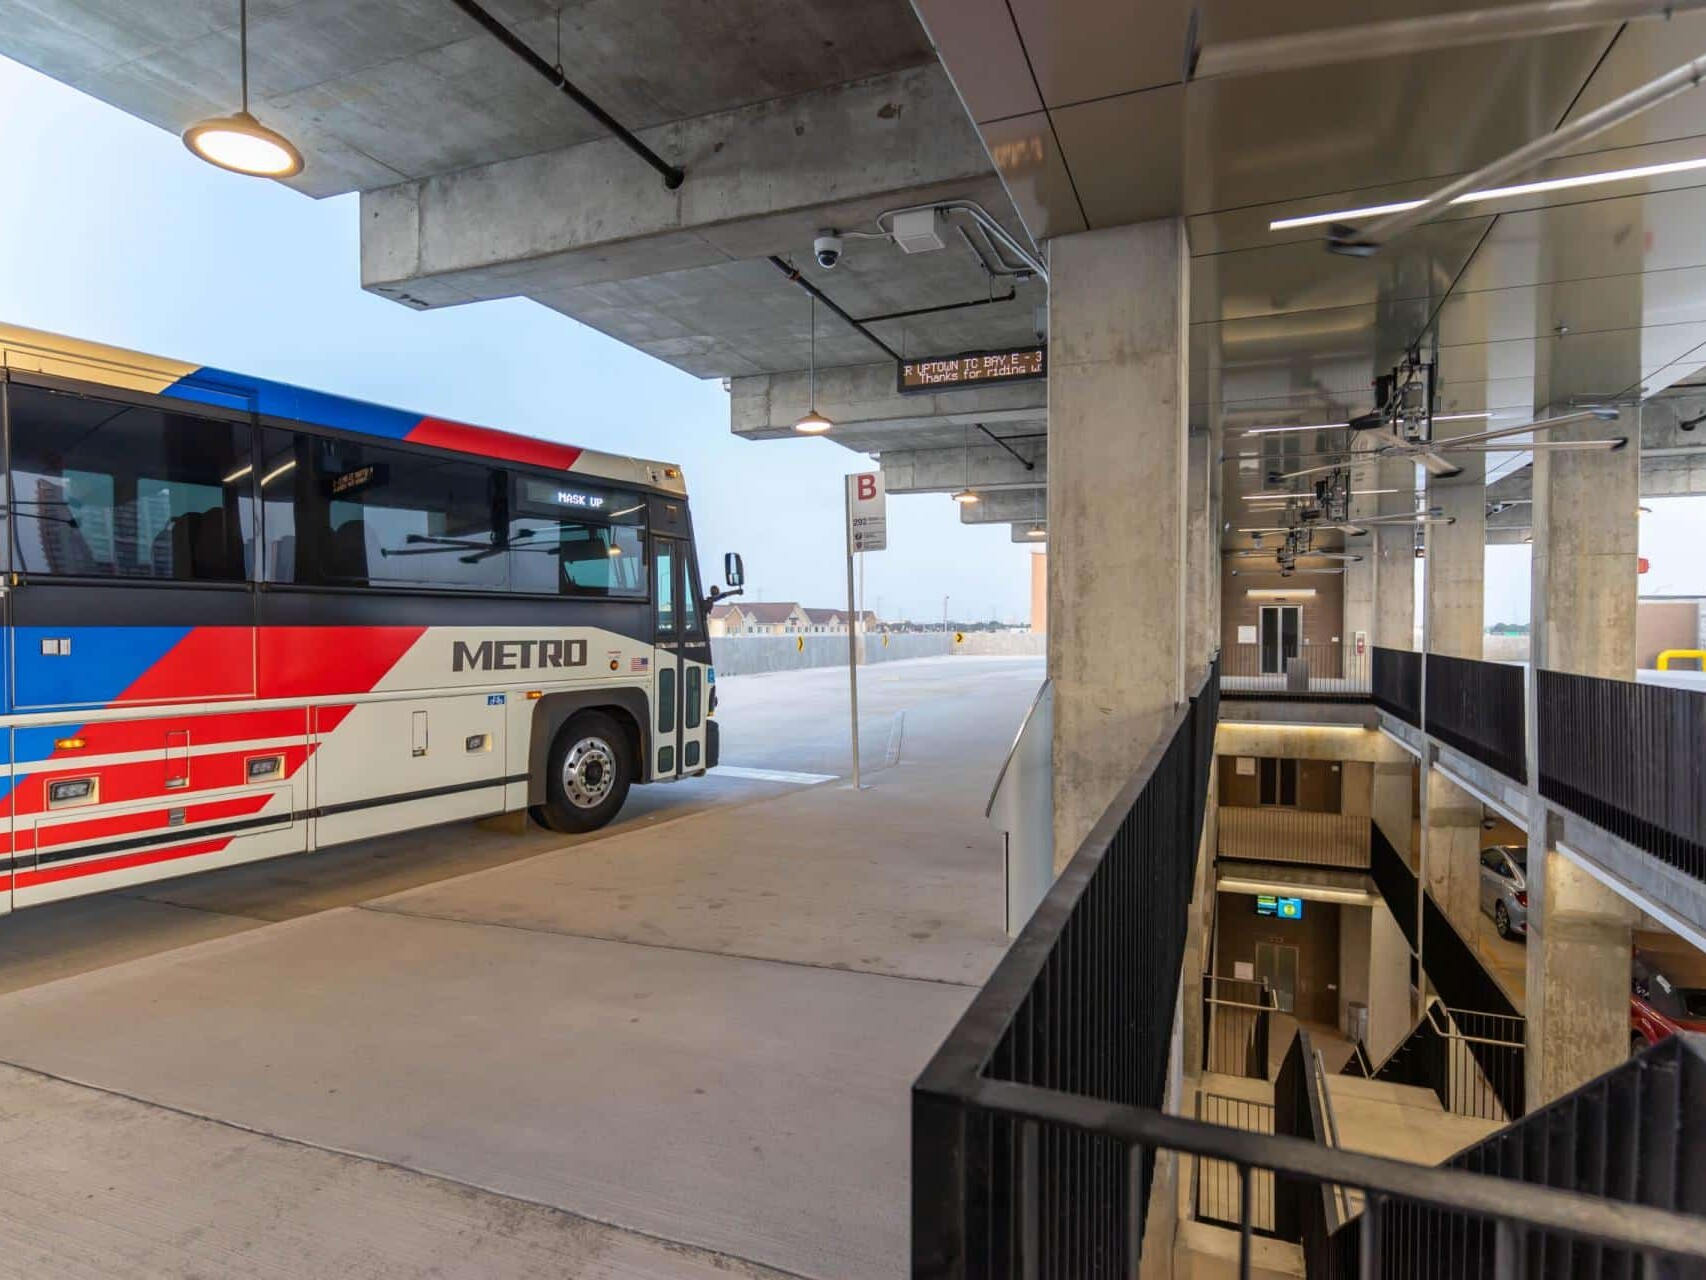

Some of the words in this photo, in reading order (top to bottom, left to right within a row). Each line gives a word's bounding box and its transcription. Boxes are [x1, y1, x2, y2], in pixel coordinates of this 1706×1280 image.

[917, 360, 959, 376] UPTOWN
[964, 358, 979, 369] TC
[984, 355, 1007, 368] BAY
[1011, 353, 1020, 364] E
[1035, 351, 1042, 362] 3
[921, 371, 959, 384] Thanks
[964, 369, 982, 379] for
[987, 364, 1026, 377] riding
[1031, 364, 1043, 373] w
[558, 491, 586, 506] MASK
[589, 496, 604, 508] UP
[857, 474, 877, 501] B
[452, 639, 588, 673] METRO

TASK REQUIREMENTS = What is needed is a verbatim copy of the entries, leaving out any pictures.

SOLUTION TO THIS TASK =
Some of the words in this photo, in reading order (top to bottom, left to right within a row). Each line gives a word's bounding box and its transcription. Boxes are [x1, y1, x2, y2], in pixel coordinates of this 1706×1280 image.

[917, 360, 959, 376] UPTOWN
[964, 358, 979, 369] TC
[984, 355, 1007, 368] BAY
[1011, 353, 1020, 364] E
[1035, 351, 1042, 362] 3
[921, 371, 959, 384] Thanks
[964, 369, 982, 379] for
[987, 364, 1026, 377] riding
[1031, 364, 1043, 373] w
[558, 491, 586, 506] MASK
[589, 496, 604, 508] UP
[857, 474, 877, 501] B
[452, 639, 588, 673] METRO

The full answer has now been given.